O cristianismo evangélico atinge esse objetivo, segundo Johnson, oferecendo "um sistema de crença e uma série de práticas que permitem que o detento incorpore uma identidade nova e reconhecível publicamente" de maneira a prover essas pessoas com dignidade. De uma pessoa que vive a condição de cidadão de segunda categoria, ela se torna um homem ou uma mulher "de Deus", que deixa de ser temida ou mantida a distância.

Familiares de detentos oram diante de penitenciária em Ribeirão Preto
Familiares de detentos oram diante de penitenciária em Ribeirão Preto - Beto Baptista-15.mai.2006/Folhapress

Johnson é um dos acadêmicos que estudaram a relação entre crime e conversão ao cristianismo. A questão que ele tentou responder foi: por que o pentecostalismo é muito mais praticado por detentos, em termos numéricos, do que outras religiões como o catolicismo, as religiões de matriz afro ou o espiritismo? Em outras palavras, o que torna essa vertente do cristianismo evangélico tão atrativa para pessoas nessas condições?

Nas cadeias, os presos convertidos não apenas mudam seu comportamento —abrindo mão de beber ou usar as drogas que circulam dentro dos presídios—, eles também se reúnem para fazer orações, cantar hinos e falar de suas experiências anteriores à conversão. Nessas situações, muitos choram efusivamente lembrando de episódios de suas vidas, dão consolo uns aos outros, compartilham seus momentos de dificuldades e assim fortalecem seus vínculos.

Nas entrevistas feitas por Johnson, os presos convertidos frequentemente contam que não aguentavam mais sua situação. Conforme um preso convertido explica: "A verdade é que eu já estava cansado da vida que estava vivendo.

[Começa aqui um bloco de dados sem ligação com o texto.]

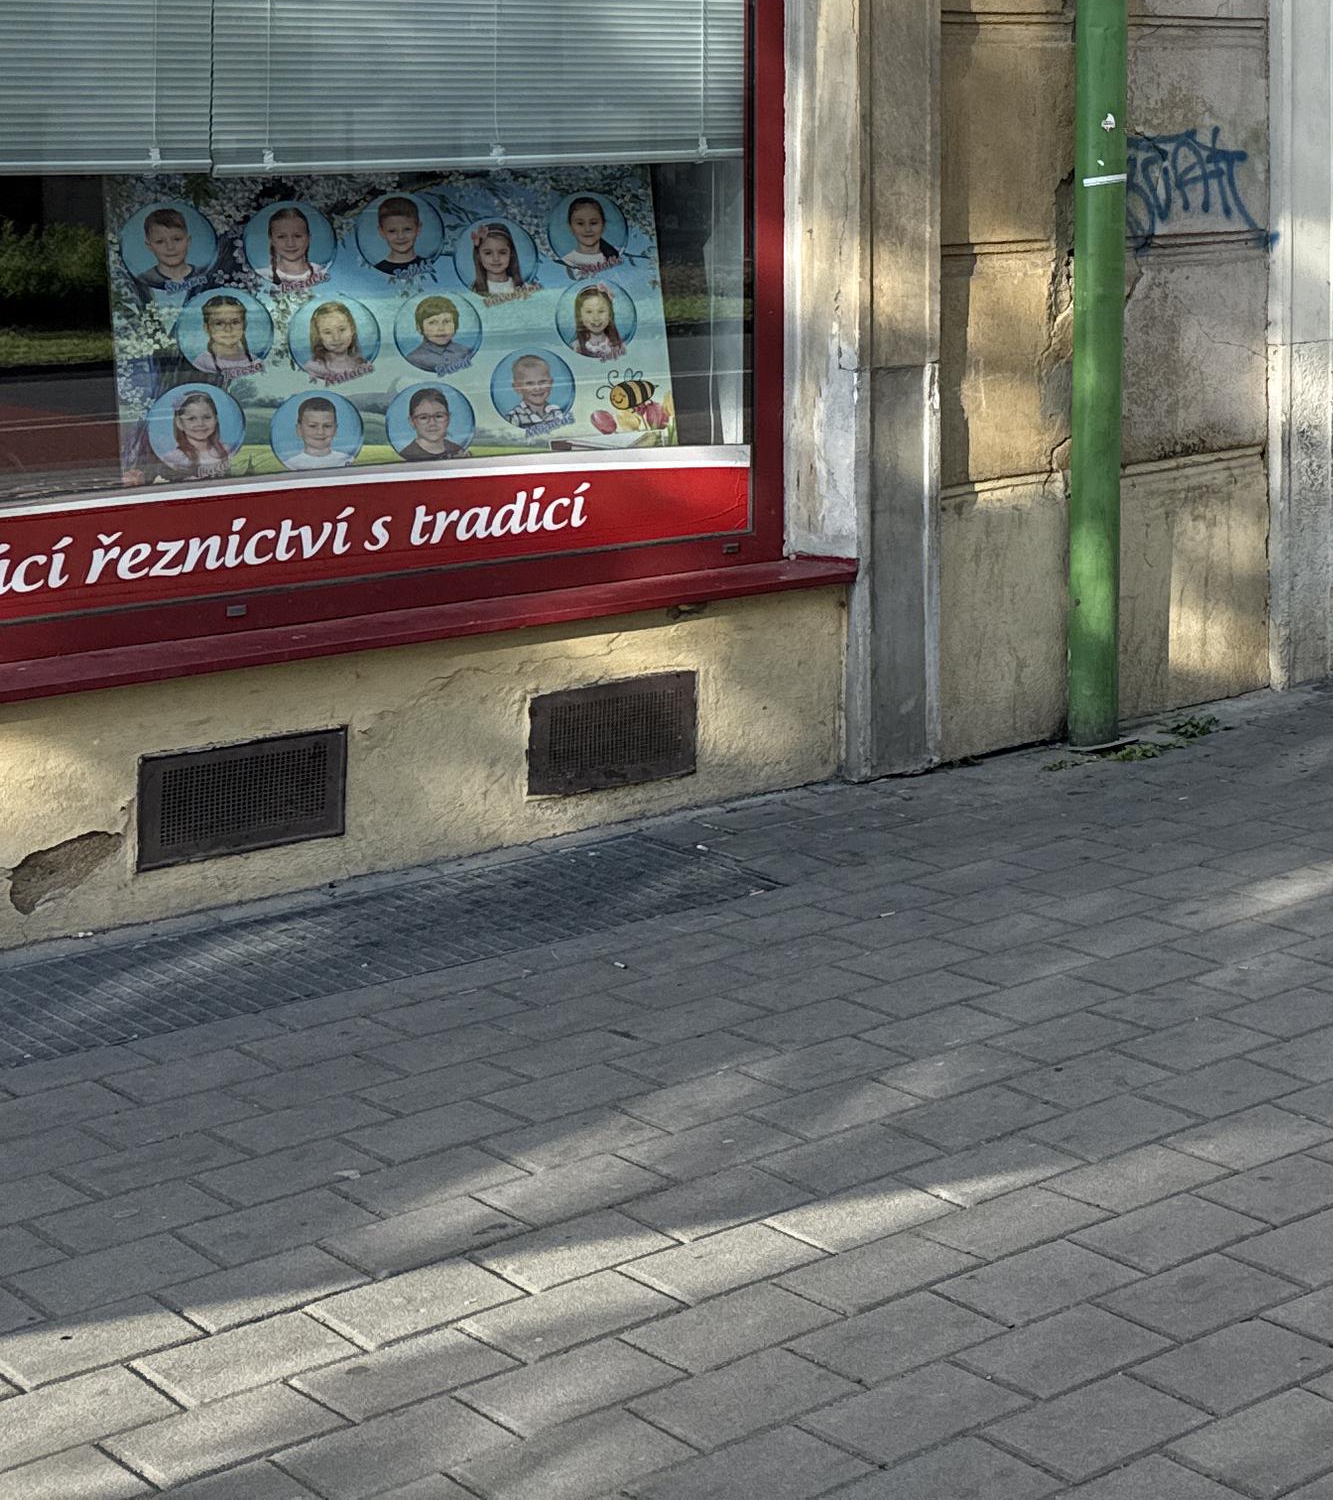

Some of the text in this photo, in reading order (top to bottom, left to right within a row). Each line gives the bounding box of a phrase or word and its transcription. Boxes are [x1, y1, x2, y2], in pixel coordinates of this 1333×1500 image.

Eu não sabia a quem pedir ajuda e me sentia desesperado, em um beco sem saída. Eu estava procurando por alguma coisa que me desse apoio, algo que me ajudasse. Eu vi os irmãos da igreja e vi a sinceridade deles e vi a devoção deles a Deus".

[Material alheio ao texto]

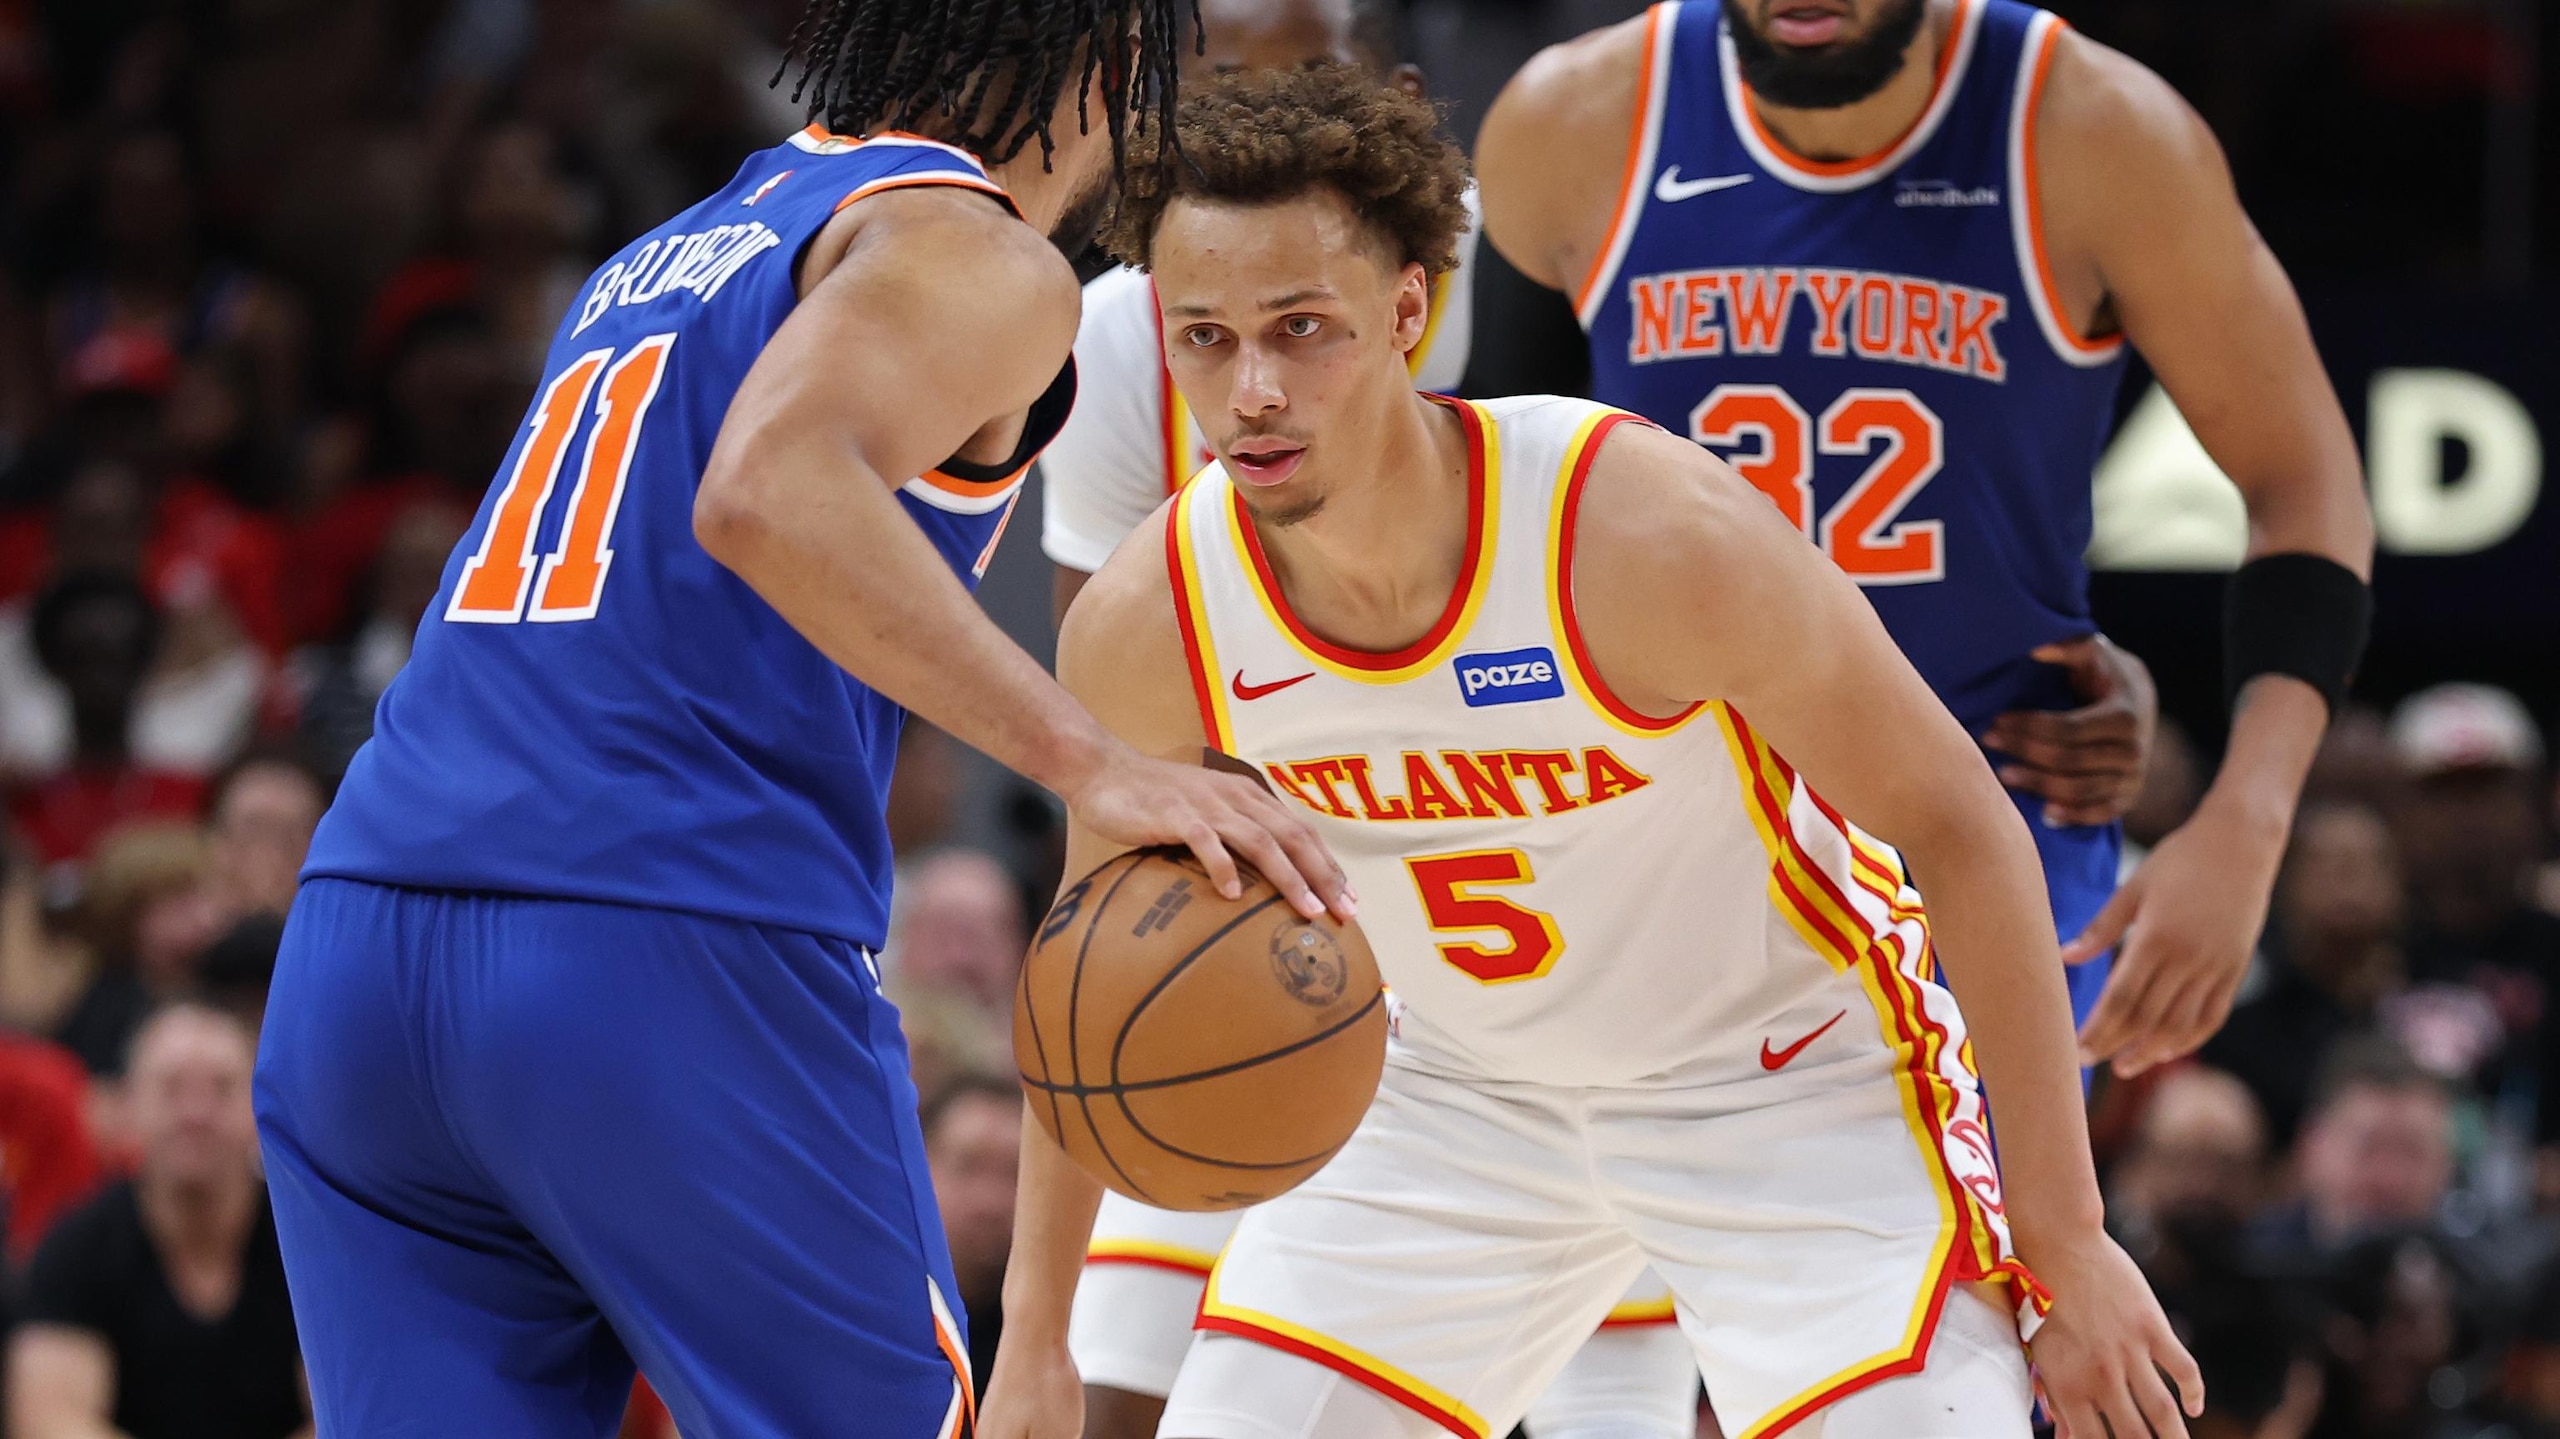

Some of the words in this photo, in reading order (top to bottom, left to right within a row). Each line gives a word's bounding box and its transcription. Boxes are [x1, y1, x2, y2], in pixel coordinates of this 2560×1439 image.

[570, 221, 781, 340] BRUNSON
[1629, 267, 1799, 366] NEW
[1804, 273, 2007, 383] YORK
[444, 332, 678, 623] 11
[1690, 384, 1945, 586] 32
[1462, 660, 1554, 695] paze
[1402, 848, 1566, 985] 5

O preso que está frustrado com sua condição pode se sentir mobilizado pela mensagem do pastor ou pelos testemunhos de outros presos e declarar seu desejo de aceitar Jesus como seu salvador. Quando isso acontece, o preso é rodeado pelos outros evangélicos. Eles fazem uma oração —cheia de carga emotiva, também um evento público na frente dos outros— que muitas vezes faz o novo convertido desmaiar.

No caso de presos que trabalharam para o crime organizado, Johnson relata que, ao se batizar, esse convertido vai aos representantes do grupo criminoso ao qual ele está vinculado, algumas vezes por muitos anos, e anuncia a decisão de romper a ligação com eles para se dedicar a Deus e aos aprendizados de sua nova vida como cristão.

O estudo de Johnson explica que o caminho evangélico também atrai pessoas do crime organizado pelo fato de a igreja representar uma organização parecida com a do crime em termos de estrutura de funcionamento e ação.

Os participantes ganham acesso a áreas exclusivas de convívio, como membros unidos pela obediência a regras que dão uma identidade conjunta para agirem com a mesma lealdade de soldados no campo de batalha. Essa ideia também será relatada na etnografia sobre o PCC, feita pelo antropólogo Gabriel Feltran.

Outra comparação apresentada por Johnson é a de como a prisão para o convertido se torna uma espécie de monastério, um espaço para o preso convertido se distanciar da vida social. Nesse ambiente protegido, longe de sua vida até aquele momento, o preso encontra uma oportunidade de recondicionar seus hábitos.

Quem, como eu, viu esse "milagre" acontecer frente a frente, tem dificuldades para dizer racionalmente como é possível.